__Task details__. Your reply must consist of the data below, reproduced character for character.
+ + + + +
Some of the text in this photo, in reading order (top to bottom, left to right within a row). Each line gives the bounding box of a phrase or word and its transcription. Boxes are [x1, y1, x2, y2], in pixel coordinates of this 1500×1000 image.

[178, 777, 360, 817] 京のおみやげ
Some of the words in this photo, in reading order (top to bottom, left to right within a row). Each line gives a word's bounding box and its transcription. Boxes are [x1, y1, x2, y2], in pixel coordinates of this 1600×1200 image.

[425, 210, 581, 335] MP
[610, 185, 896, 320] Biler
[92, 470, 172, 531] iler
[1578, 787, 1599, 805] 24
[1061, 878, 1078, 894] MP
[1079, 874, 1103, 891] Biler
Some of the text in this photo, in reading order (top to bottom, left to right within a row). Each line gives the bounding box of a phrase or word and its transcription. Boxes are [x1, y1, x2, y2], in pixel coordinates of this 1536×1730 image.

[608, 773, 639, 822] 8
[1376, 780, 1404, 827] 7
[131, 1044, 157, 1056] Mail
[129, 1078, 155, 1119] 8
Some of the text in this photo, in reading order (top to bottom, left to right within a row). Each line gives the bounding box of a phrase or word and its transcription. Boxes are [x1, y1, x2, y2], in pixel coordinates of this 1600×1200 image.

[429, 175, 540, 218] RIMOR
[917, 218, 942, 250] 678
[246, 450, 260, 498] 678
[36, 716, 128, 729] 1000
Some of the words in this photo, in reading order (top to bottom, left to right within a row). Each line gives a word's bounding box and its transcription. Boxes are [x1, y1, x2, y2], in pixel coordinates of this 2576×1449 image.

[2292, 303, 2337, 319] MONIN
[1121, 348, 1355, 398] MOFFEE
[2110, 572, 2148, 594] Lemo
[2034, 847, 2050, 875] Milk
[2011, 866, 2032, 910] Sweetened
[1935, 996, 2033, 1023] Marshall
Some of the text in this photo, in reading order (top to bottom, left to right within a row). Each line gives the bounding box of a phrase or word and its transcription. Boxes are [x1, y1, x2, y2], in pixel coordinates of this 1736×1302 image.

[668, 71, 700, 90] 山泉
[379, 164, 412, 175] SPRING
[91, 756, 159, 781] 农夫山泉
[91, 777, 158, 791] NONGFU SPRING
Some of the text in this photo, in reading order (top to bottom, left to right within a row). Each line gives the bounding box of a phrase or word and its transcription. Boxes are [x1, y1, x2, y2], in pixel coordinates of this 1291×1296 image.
+ + + + +
__Task answer__.
Some of the text in this photo, in reading order (top to bottom, left to right within a row). Each line gives the bounding box of a phrase or word and its transcription. Boxes are [x1, y1, x2, y2], in pixel coordinates of this 1500×1000 image.

[178, 777, 360, 817] 京のおみやげ
Some of the words in this photo, in reading order (top to bottom, left to right within a row). Each line gives a word's bounding box and its transcription. Boxes are [x1, y1, x2, y2], in pixel coordinates of this 1600×1200 image.

[425, 210, 581, 335] MP
[610, 185, 896, 320] Biler
[92, 470, 172, 531] iler
[1578, 787, 1599, 805] 24
[1061, 878, 1078, 894] MP
[1079, 874, 1103, 891] Biler
Some of the text in this photo, in reading order (top to bottom, left to right within a row). Each line gives the bounding box of a phrase or word and its transcription. Boxes are [x1, y1, x2, y2], in pixel coordinates of this 1536×1730 image.

[608, 773, 639, 822] 8
[1376, 780, 1404, 827] 7
[131, 1044, 157, 1056] Mail
[129, 1078, 155, 1119] 8
Some of the text in this photo, in reading order (top to bottom, left to right within a row). Each line gives the bounding box of a phrase or word and its transcription. Boxes are [x1, y1, x2, y2], in pixel coordinates of this 1600×1200 image.

[429, 175, 540, 218] RIMOR
[917, 218, 942, 250] 678
[246, 450, 260, 498] 678
[36, 716, 128, 729] 1000
Some of the words in this photo, in reading order (top to bottom, left to right within a row). Each line gives a word's bounding box and its transcription. Boxes are [x1, y1, x2, y2], in pixel coordinates of this 2576×1449 image.

[2292, 303, 2337, 319] MONIN
[1121, 348, 1355, 398] MOFFEE
[2110, 572, 2148, 594] Lemo
[2034, 847, 2050, 875] Milk
[2011, 866, 2032, 910] Sweetened
[1935, 996, 2033, 1023] Marshall
Some of the text in this photo, in reading order (top to bottom, left to right within a row). Each line gives the bounding box of a phrase or word and its transcription. Boxes are [x1, y1, x2, y2], in pixel coordinates of this 1736×1302 image.

[668, 71, 700, 90] 山泉
[379, 164, 412, 175] SPRING
[91, 756, 159, 781] 农夫山泉
[91, 777, 158, 791] NONGFU SPRING
Some of the text in this photo, in reading order (top to bottom, left to right within a row). Each line gives the bounding box of a phrase or word and its transcription. Boxes are [x1, y1, x2, y2], in pixel coordinates of this 1291×1296 image.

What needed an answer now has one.